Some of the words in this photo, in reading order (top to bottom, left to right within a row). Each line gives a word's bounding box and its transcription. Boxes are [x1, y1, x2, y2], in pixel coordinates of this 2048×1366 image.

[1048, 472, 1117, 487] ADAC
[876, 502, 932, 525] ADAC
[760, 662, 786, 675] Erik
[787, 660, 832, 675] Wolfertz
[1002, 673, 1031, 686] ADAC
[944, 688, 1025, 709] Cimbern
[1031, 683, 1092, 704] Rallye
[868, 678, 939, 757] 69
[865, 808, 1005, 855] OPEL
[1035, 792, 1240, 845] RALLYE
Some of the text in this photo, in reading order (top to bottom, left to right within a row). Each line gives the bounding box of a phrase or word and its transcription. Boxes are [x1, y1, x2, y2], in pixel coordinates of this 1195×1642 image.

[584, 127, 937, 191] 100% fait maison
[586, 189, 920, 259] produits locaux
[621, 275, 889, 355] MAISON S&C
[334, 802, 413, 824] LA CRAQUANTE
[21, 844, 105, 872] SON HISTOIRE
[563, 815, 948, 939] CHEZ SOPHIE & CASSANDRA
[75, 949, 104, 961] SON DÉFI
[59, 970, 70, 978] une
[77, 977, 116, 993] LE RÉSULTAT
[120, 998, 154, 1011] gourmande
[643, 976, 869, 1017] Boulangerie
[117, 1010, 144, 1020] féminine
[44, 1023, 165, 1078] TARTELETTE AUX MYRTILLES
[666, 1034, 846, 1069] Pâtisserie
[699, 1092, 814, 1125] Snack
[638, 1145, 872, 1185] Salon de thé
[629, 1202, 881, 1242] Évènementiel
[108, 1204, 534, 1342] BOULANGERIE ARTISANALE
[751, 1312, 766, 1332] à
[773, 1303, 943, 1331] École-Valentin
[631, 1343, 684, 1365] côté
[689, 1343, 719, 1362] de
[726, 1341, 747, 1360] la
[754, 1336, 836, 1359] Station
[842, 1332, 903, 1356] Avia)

◆ ◆ ◆ ◆

Reproduce every entry shown above, precisely as it stands.

## REPLY TO THE EXERCISE
Some of the words in this photo, in reading order (top to bottom, left to right within a row). Each line gives a word's bounding box and its transcription. Boxes are [x1, y1, x2, y2], in pixel coordinates of this 2048×1366 image.

[1048, 472, 1117, 487] ADAC
[876, 502, 932, 525] ADAC
[760, 662, 786, 675] Erik
[787, 660, 832, 675] Wolfertz
[1002, 673, 1031, 686] ADAC
[944, 688, 1025, 709] Cimbern
[1031, 683, 1092, 704] Rallye
[868, 678, 939, 757] 69
[865, 808, 1005, 855] OPEL
[1035, 792, 1240, 845] RALLYE
Some of the text in this photo, in reading order (top to bottom, left to right within a row). Each line gives the bounding box of a phrase or word and its transcription. Boxes are [x1, y1, x2, y2], in pixel coordinates of this 1195×1642 image.

[584, 127, 937, 191] 100% fait maison
[586, 189, 920, 259] produits locaux
[621, 275, 889, 355] MAISON S&C
[334, 802, 413, 824] LA CRAQUANTE
[21, 844, 105, 872] SON HISTOIRE
[563, 815, 948, 939] CHEZ SOPHIE & CASSANDRA
[75, 949, 104, 961] SON DÉFI
[59, 970, 70, 978] une
[77, 977, 116, 993] LE RÉSULTAT
[120, 998, 154, 1011] gourmande
[643, 976, 869, 1017] Boulangerie
[117, 1010, 144, 1020] féminine
[44, 1023, 165, 1078] TARTELETTE AUX MYRTILLES
[666, 1034, 846, 1069] Pâtisserie
[699, 1092, 814, 1125] Snack
[638, 1145, 872, 1185] Salon de thé
[629, 1202, 881, 1242] Évènementiel
[108, 1204, 534, 1342] BOULANGERIE ARTISANALE
[751, 1312, 766, 1332] à
[773, 1303, 943, 1331] École-Valentin
[631, 1343, 684, 1365] côté
[689, 1343, 719, 1362] de
[726, 1341, 747, 1360] la
[754, 1336, 836, 1359] Station
[842, 1332, 903, 1356] Avia)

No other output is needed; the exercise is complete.